Surprise! State Underestimated Carbon Tax Cost

by Steve Haner

Virginia has collected its first wave of carbon taxes from the state’s electricity generators, costs which will eventually show up on future bills. The $43.6 million take just about doubles the revenue estimates used when participation in the Regional Greenhouse Gas Initiative was being approved by the Virginia General Assembly last year. Surprise!  

You wouldn’t know this is a new carbon tax from coverage in The Virginia Mercury, which cites a press release from the RGGI organization. What the electricity generators are buying is an allowance, in effect a state-granted license to emit a ton of CO2. The words “proceeds” or “revenue” get used by the Mercury and RGGI, but never “tax.” But the cash flows directly to the state, which will spend it as directed by the General Assembly.

Which Virginia firms used this recent auction to buy permission to use coal or natural gas were not listed in detail, but the largest is likely Dominion Energy Virginia. Now that Dominion needs such allowances to operate its plants, the State Corporation Commission can move forward and decide how much will be added to customer bills later this year to pass along the carbon tax.

Late in 2020, Dominion proposed about a 2% increase in residential electricity costs to cover RGGI. But those estimates seem to be based on lower auction clearing prices than the $7.60 per ton of emitted carbon dioxide just paid. If that price holds through the other three RGGI auctions this year and the expected total 28 million allowances are sold, the state’s annual revenue could exceed $212 million and Dominion’s add-on charge go even higher.

The carbon price (tax) could of course go higher than $7.60 in future auctions, and likely will because the amount of CO2 allowances for sale will continually shrink. That’s the point – shrinking CO2. It is a regional auction among about a dozen states, with bidders in other states able to buy Virginia allowances and vice versa. Buyers who don’t actually own power plants can buy allowances as speculative investments.

When the Northam Administration issued a fiscal impact statement in 2020 predicting $104 to $109 million in RGGI carbon tax revenue, less than $4 a ton, it was fiction. Auction prices were already well above that. An analysis I wrote for the Thomas Jefferson Institute noted the March 2019 price (two years ago) was $5.27 a ton and would produce about $150 million in Virginia tax revenue.

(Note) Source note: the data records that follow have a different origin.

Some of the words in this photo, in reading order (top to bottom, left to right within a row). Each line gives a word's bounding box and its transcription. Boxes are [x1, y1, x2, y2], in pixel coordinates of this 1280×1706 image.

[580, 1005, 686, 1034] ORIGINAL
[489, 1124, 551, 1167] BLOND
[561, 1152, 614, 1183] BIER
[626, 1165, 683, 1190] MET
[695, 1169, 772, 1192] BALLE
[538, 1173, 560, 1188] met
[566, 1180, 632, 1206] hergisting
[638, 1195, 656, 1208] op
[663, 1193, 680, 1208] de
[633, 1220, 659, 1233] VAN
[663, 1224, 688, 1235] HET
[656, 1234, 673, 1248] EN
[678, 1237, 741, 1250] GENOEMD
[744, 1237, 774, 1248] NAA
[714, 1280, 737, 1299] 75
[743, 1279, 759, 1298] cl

Where would the $200 million plus go? Legislation in 2020 dedicated 4% of the Virginia tax proceeds to coastal mitigation efforts against rising seas, land subsidence, and storm risk. More than half will go to the Virginia Department of Housing and Community Development for energy efficiency projects for low-income recipients. In the words of David Paylor, director of Virginia’s Department of Environmental Quality, it will “apply badly needed upgrades to new and existing residential buildings.”

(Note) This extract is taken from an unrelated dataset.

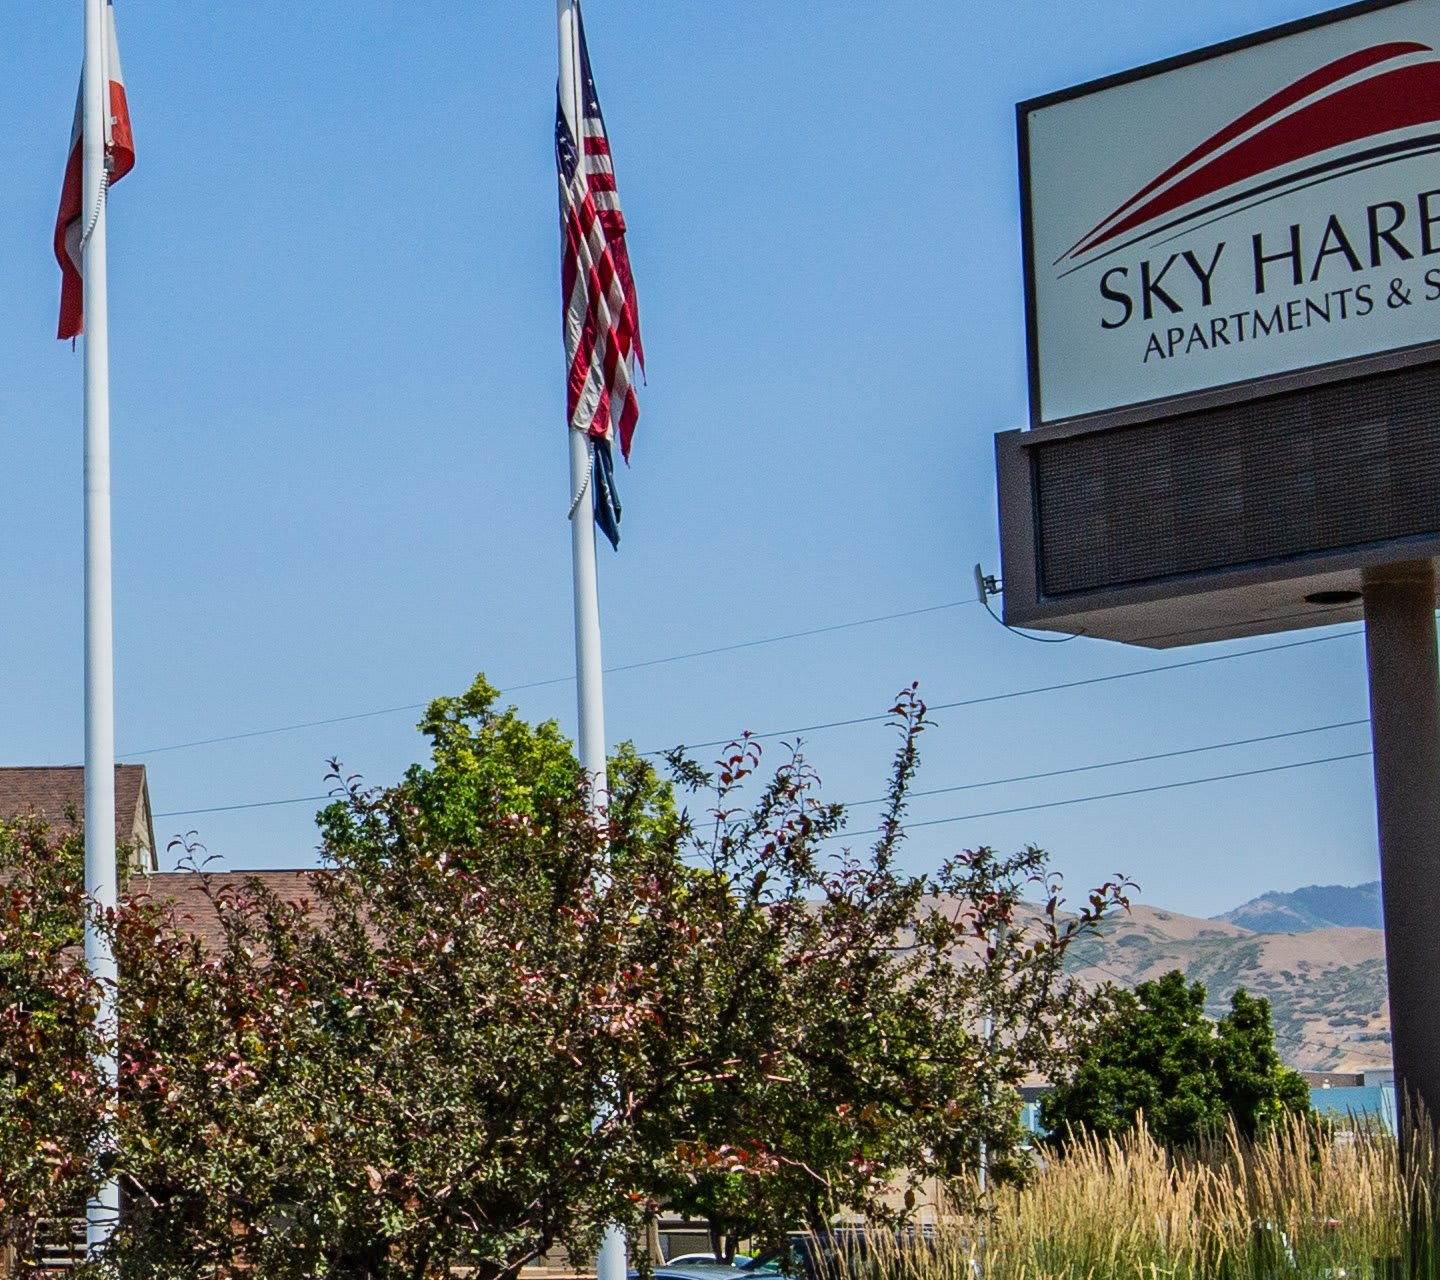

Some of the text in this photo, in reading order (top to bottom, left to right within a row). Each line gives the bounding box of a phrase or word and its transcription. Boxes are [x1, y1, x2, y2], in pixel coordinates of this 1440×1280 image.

[1099, 241, 1226, 330] SKY
[1143, 292, 1374, 364] APARTMENTS
[1386, 277, 1413, 310] &

It is hardly the first tax on your electric bill to pay for somebody else’s ceiling insulation, efficient windows, and LED lightbulbs, and it won’t be the last one.

When Dominion filed last year to create a separate rate adjustment clause on its billing for the RGGI tax, it had already begun to buy allowances. The case, reported on earlier, will now push on to conclusion in time for a summer decision. The SCC issued an order Thursday for hearings to begin April 27.

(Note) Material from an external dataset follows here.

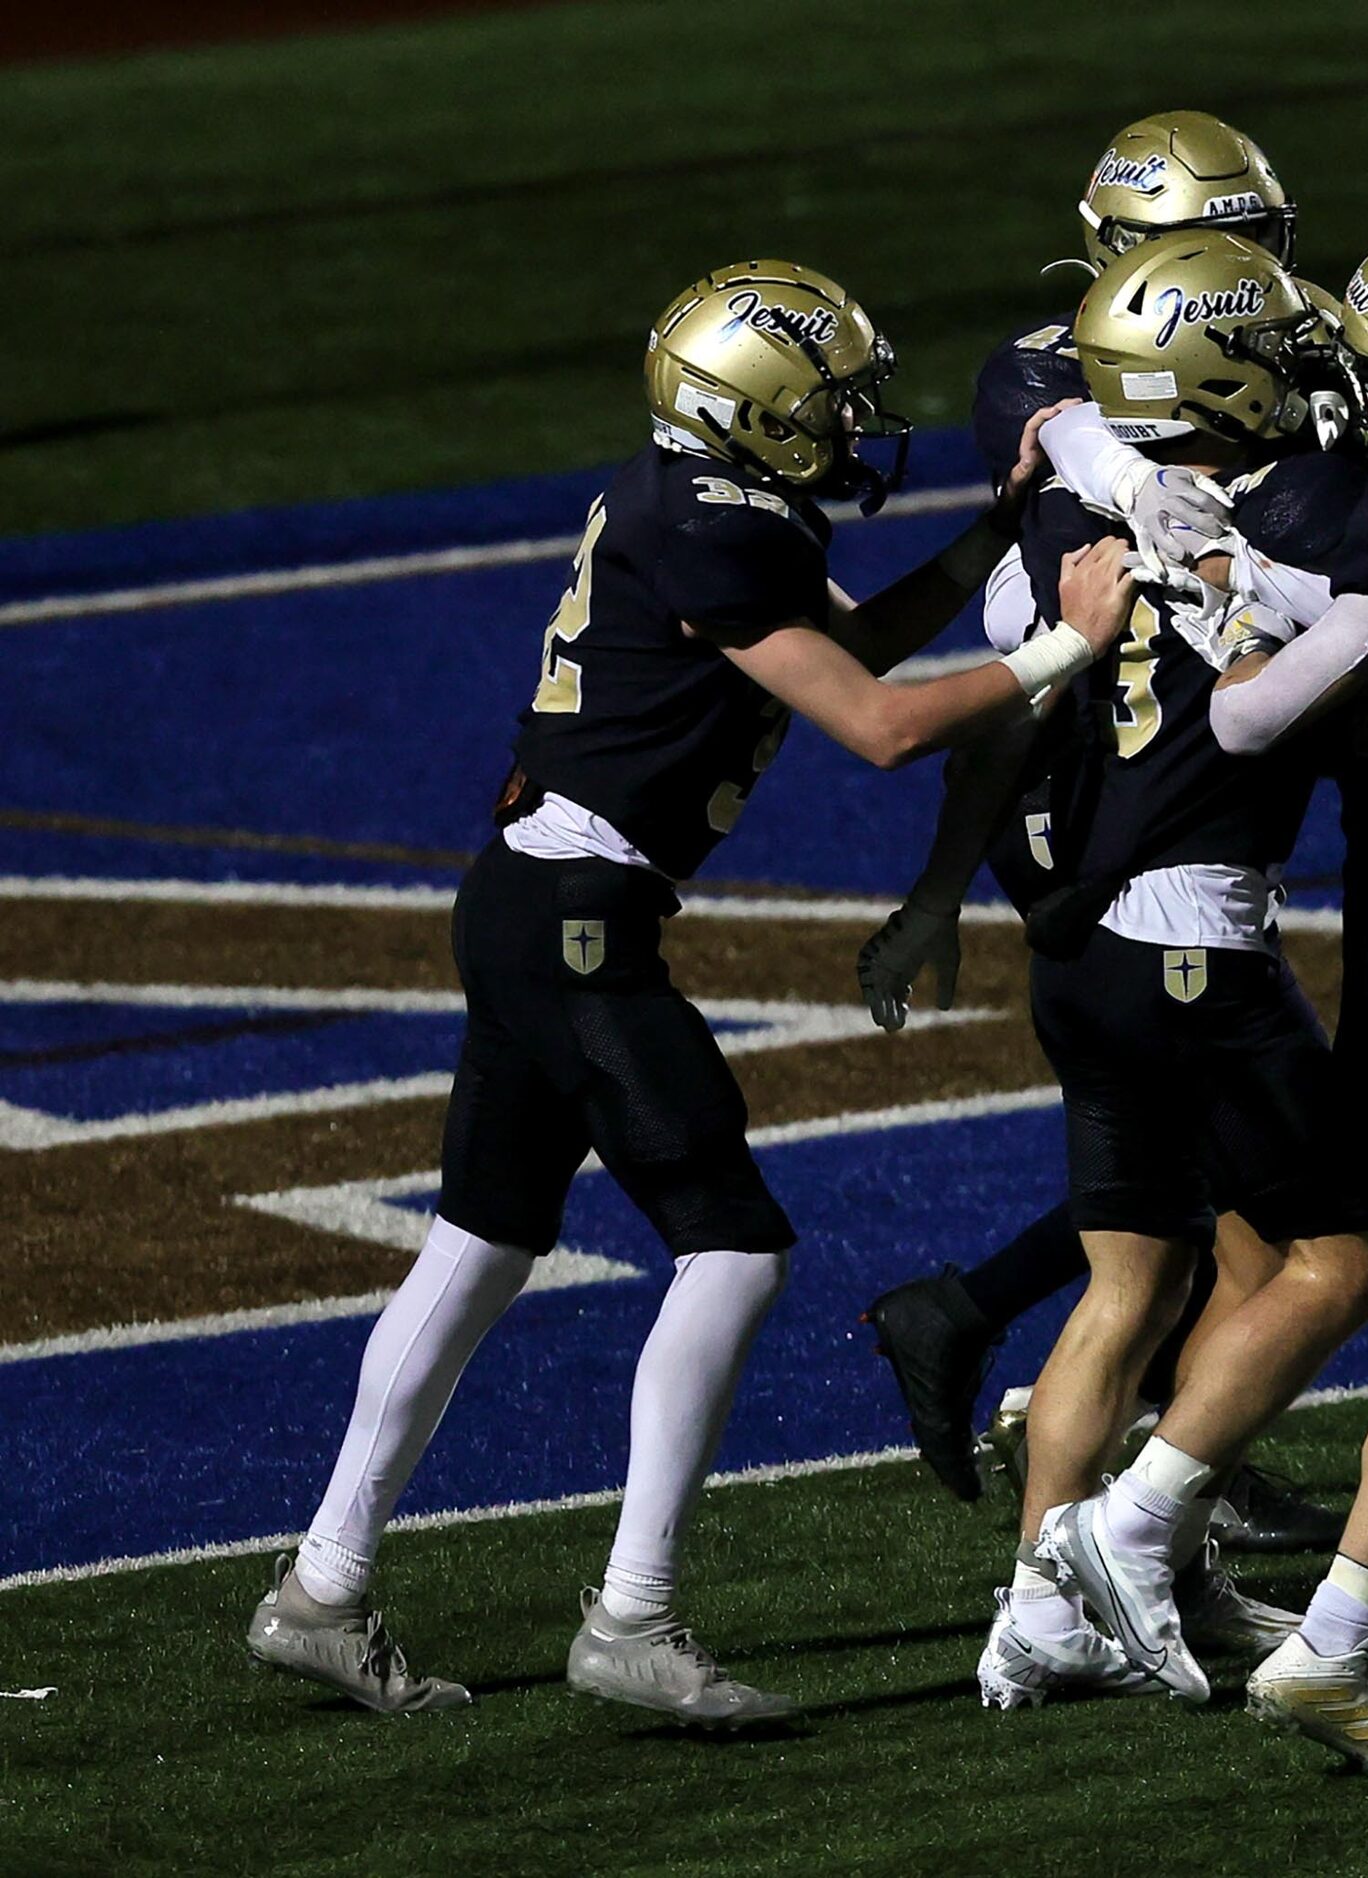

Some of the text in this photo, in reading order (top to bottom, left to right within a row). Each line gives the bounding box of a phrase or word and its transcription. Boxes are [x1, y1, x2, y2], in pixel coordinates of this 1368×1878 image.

Dominion estimated last year it would need to collect $168 million from its Virginia jurisdictional customers (about 80% of its load) in the 12 months starting with July 2021. That would include reimbursement for allowances already purchased. It proposed the add-on charge would be $2.39 per 1,000 kilowatt hours, a flat rate for all classes of customers.

The other major investor-owned utility, Appalachian Power, serves the western part of the state with most of its generation outside of Virginia. It has not requested a separate charge on its bills to compensate for its much-smaller RGGI taxes paid to Virginia. Independent generators now having to buy CO2 allowances to continue operating simply pass the cost along as they can.

The Dominion request to the SCC is drawing opposition. The Office of the Attorney General has filed testimony complaining about the company’s request to charge ratepayers interest on the money it uses to buy allowances. Even more strenuous objections have been raised by an expert brought in by Appalachian Voices, an environmental group. Wrote Karl Rábago on his client’s behalf:

The Company has failed to justify that it is purchasing the necessary amount of allowances and failed to establish that they are planning to procure such allowances in a least-cost, optimal way. Moreover, the Company proposes procuring 10 to 20 percent more allowances than it purportedly needs but has done no economic analysis to support this approach. Importantly, the Company proposes an incentive to over-procure allowances—rather than accurately project need—as it seeks to earn a rate of return on unused allowances.

…Such over-procurement may even affect the entire RGGI market, driving up RGGI allowance market prices, which could once again increase Company earnings while unnecessarily increasing customer costs.

What, Dominion seeking to add a bit of extra profit on the side? Again, surprise! This is not just a simple pass-through charge, and as that carbon tax continues to grow (count on it), so will the stakes for customers. This case bears watching, if only because it lays the groundwork for the next carbon tax battle, this one over motor fuels.